Our schools website has a huge number of free resources to help explain where medicines come from to genetic engineering, for ages 5 to 18, and, for those who feel inspired, there is masses of information on our careers website to encourage young people to consider one of the many different careers in the pharmaceutical industry.
However, even for those who don't aspire for a career in the life sciences sector, I hope that a better understanding of the sciences will stimulate an interest in the research that already takes place around us. The NIHR INVOLVE programme is dedicated to encouraging the public to have greater involvement in research through various initiatives, such as the NIHR Young Persons' Advisory Group (YPAG). Last May, the Nuffield Council in Bioethics' published a report on children and clinical research looking specifically at how young people can be ethically involved in research and made recommendations for young people, their families and for researchers to consider. In my role as head of Medical Affairs for the ABPI, I was invited to take part in a discussion about young people in research at the Nuffield Council. We held our first meeting in May to look at how, as an industry, we can support and encourage a wider understanding of the importance of research in the UK, especially for young people.

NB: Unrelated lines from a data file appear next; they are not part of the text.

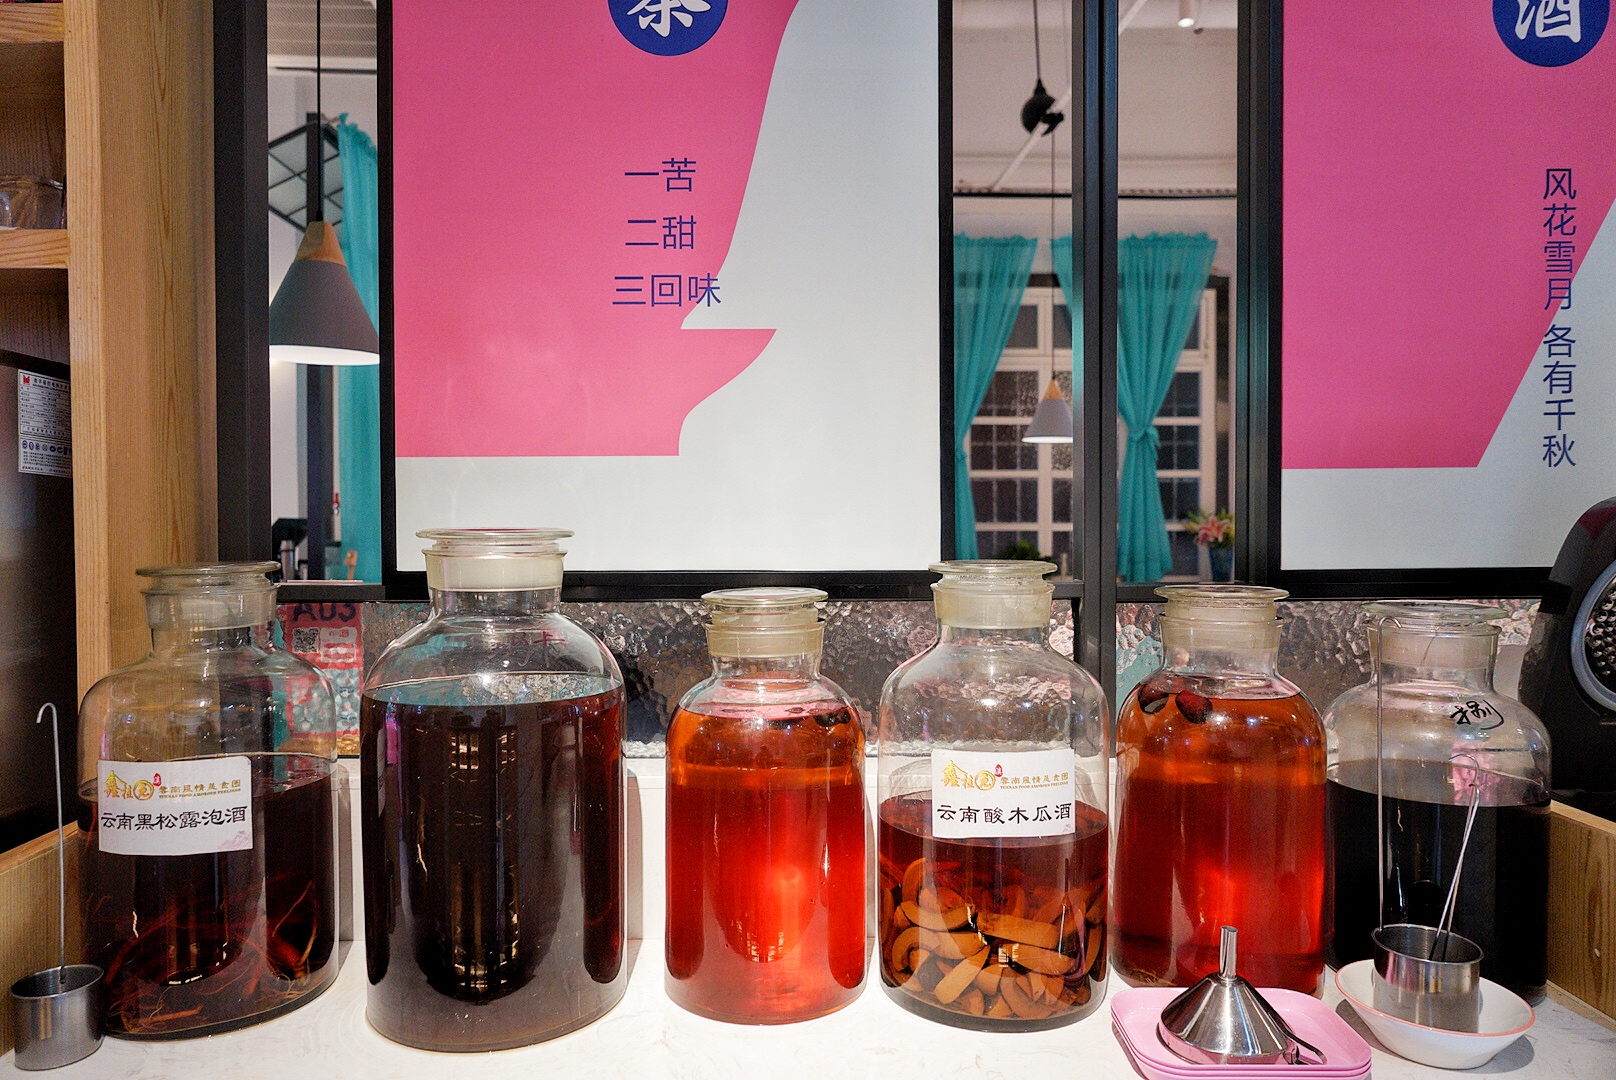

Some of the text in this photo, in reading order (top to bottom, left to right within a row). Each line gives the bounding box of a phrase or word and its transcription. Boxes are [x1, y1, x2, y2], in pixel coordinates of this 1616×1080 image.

[1515, 0, 1582, 43] 酒
[624, 157, 697, 192] 一苦
[625, 215, 697, 250] 二甜
[612, 272, 722, 307] 三回味
[1542, 168, 1577, 468] 风花雪月 各有千秋
[101, 805, 248, 830] 云南黑松露泡酒
[937, 803, 1072, 825] 云南酸木瓜酒

There is also work being done at a European level as well. The Innovation Medicines Initiative (IMI) is Europe's largest public-private initiative aiming to speed up the development of better and safe medicines for patients. IMI is a joint undertaking between the European Union and the European Federation for the Pharmaceutical Industries and Associations (EFPIA). One of the projects funded through IMI is the European Patients' Academy on Therapeutic Innovation (EUPATI), which aims to help patients understand the processes which underpin development of new medicines and to become more involved in the research of new medicines.
We are involved in these initiatives and work hard to provide these resources because we believe that no matter what a person's age or ability, we can all contribute in some way to science and research and the development of medicines. Not just for the benefit of the life sciences industry, but for the benefit of the NHS and patients.